NIH grant supports study of early-life adversity and lifetime disease risk
Early-life adversity, including abuse, neglect and illness, is linked to leading causes of morbidity and mortality across the lifespan and represents a major health concern.
Three Michigan State University researchers—Adam Moeser AJ Robison and Cynthia Jordan—have received a five-year $2.26 million National Institutes of Health, or NIH, grant to help determine lifetime disease risk for people who have experienced early-life adversity. Their project, “Neuro-Immune Mechanisms in Early Life Stress-Induced Gastrointestinal Disease,” is funded by the NIH Eunice Kennedy Shriver National Institute of Child Health and Human Development.
The innovative research team brings together expertise in gastrointestinal, or GI, biology, immunology, stress, sex differences, epigenetics and agricultural animal health and production to fill a knowledge gap with dual biomedical and agricultural importance.
“The overall aim of the project is to understand the biology and mechanisms by which early-life adversity influences disease risk across the lifespan,” said Moeser, Matilda R. Wilson Endowed Chair in the Department of Large Animal Clinical Sciences in the College of Veterinary Medicine. Moeser, who is also an associate professor and leads the Gastrointestinal Stress Biology Laboratory at MSU, is project director.
Moeser’s previous NIH-funded research showed that early-life adversity causes a specific immune cell—the mast cell—to become hyperactive in adulthood. Moeser’s lab also identified a novel sex difference in mast cells, in that mast cells from adult females who previously experienced early-life stress induced more severe inflammation and GI disease in females than in males. In collaboration with Jordan, a neuroscientist who is an expert in sex differences biology, it’s become clear that male androgens play a role. In humans, females are often more at risk for stress-related immune and GI disorders.

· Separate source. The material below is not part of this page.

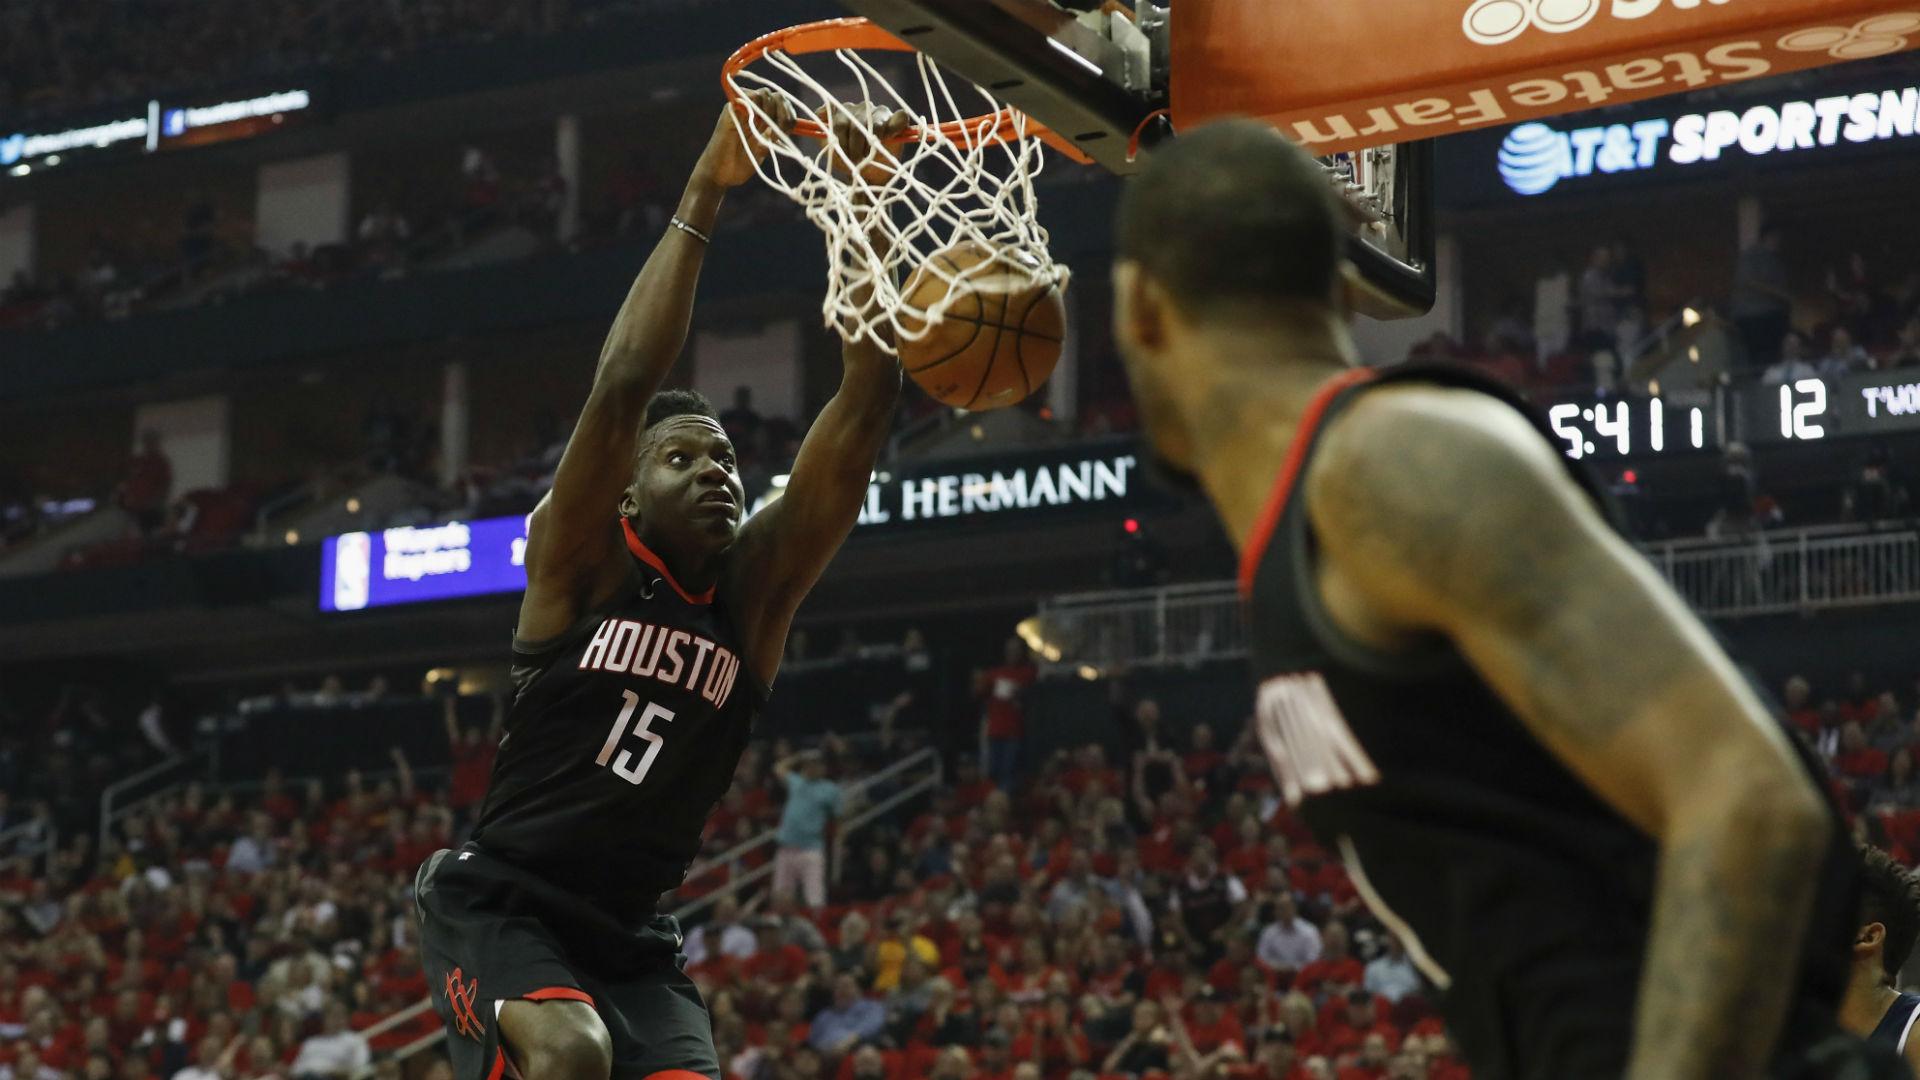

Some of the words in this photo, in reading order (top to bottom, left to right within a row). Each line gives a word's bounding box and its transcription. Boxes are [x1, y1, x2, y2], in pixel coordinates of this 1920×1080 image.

This may be due to the mast cell programmed by androgens to protect males from such stress-related disorders.
“It’s well known that early-life adversity in the form of emotional and physical abuse and trauma in childhood increases your risk for developing a wide number of diseases in adulthood, including functional bowel disorders, food allergies, depression and other debilitating disorders,” said AJ Robison, an associate professor with joint appointments in the MSU Department of Physiology and the Neuroscience Program in the College of Natural Science, or NatSci.
“Many of these diseases are also sex-biased and likely depend on sex differences in hormones,” said Jordan, a professor in NatSci’s Neuroscience Program. Jordan will work with Moeser and Robison to better define how the mechanisms of sex differences operate in the mast cell and how that contributes to a sex bias or prevalence with disease risk later in life.
“My lab has studied this phenomenon using pigs and other animal models, we believe hyperactive mast cells are central players in chronic lifelong inflammation induced by early-life stress, which is central to many diseases including IBS, allergy and autoimmune disease,” Moeser said. “Pigs, whose GI tracts are extremely similar to those of humans, may be one of the clearest windows we have into researching stress, disease and new therapies and preventatives—both for people and animals.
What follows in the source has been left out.